Related research [30,31,32,33,34] has demonstrated that oxidative stress increases anisocytosis by disrupting erythropoiesis and altering blood cell membrane deformability and thus the red blood cell circulation lifetime, ultimately leading to an increase in RDW. In addition, during CPB, ischemia and reperfusion play a pivotal role in oxidative stress by initiating a series of biochemical events [22]. However, in our study, we were not able to adjust the analysis to include inflammatory markers, C-reactive protein (CRP) and other factors, as these were not routinely measured at patient admission.

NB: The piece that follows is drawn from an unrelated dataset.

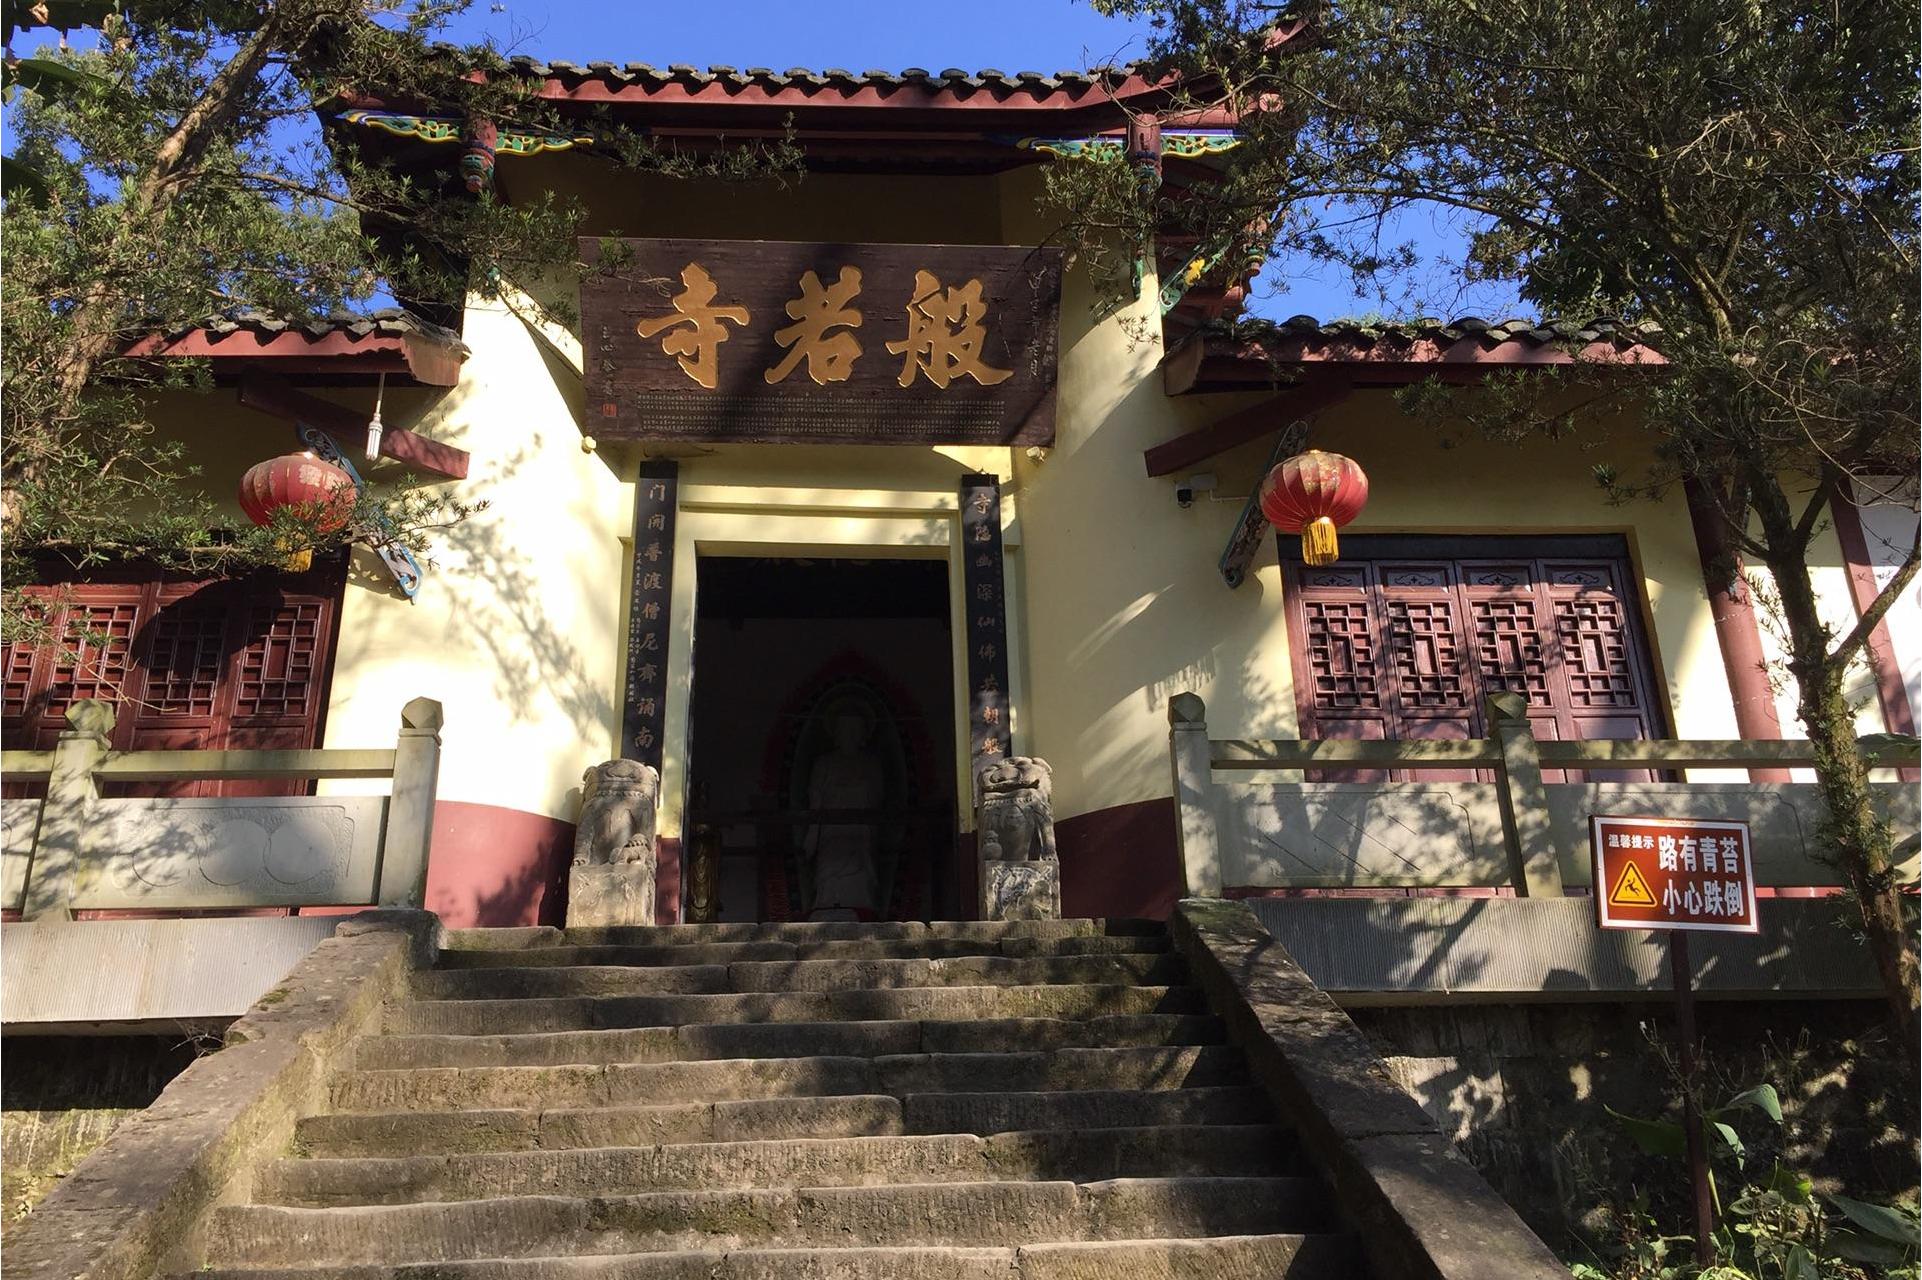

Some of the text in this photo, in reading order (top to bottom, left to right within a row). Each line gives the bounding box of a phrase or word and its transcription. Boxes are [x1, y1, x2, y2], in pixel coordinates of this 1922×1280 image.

The renin-angiotensin-aldosterone system (RAAS) is activated by arterial underfilling caused by CPB, heart failure, shock and so on after cardiac surgery. The activation of the RAAS system and adrenergic hormone release could cause increased RDW with erythropoiesis, resulting in a poor prognosis [34]. There is evidence suggesting that angiotensin II acts as a growth factor for erythroid precursors as well as an erythropoietin secretagogue resulting in an increment in RDW due to macrocytosis from skipped cell divisions [35].

RDW is increased in conditions such as malnutrition and deficiencies such as in vitamin B12 [36], iron [37] or folic acid [38], increased red cell destruction (such as hemolysis), or after blood transfusion. Previous research has reported that RDW was correlated negatively with nutrition in heart failure [39] and HD patients [13]. This latter study showed that elevated RDW was negatively correlated with the albumin level. Patients with malnutrition have a higher risk of infection and adverse outcomes and elevated RDW and poor prognosis may relate to the fact that there is an interaction between malnutrition and inflammation.

The present research work has several limitations. First, it was a retrospective design from a single central pool of patients. Second, we did not measure hematopoietic factors (including iron, vitamin B12, folate, etc.) that may influence RDW. Third, though neurohumoral activation and inflammation may be a mechanistic link between elevated RDW and poor outcomes, we did not assess laboratory markers including CRP, other pro-inflammatory cytokines, norepinephrine and angiotensin II. Despite these limitations, a major strength of the present study is that it had a sufficient number of patients undergoing cardiac surgery to ensure adequate reliability of our incidence and mortality estimates. Future studies of a larger cohort of single center pool patients will be required to confirm the results of the present investigation.

Conclusion

The results of the present study suggest, that an elevated RDW might be an independent prognostic factor for the severity and poor prognosis of CS-AKI.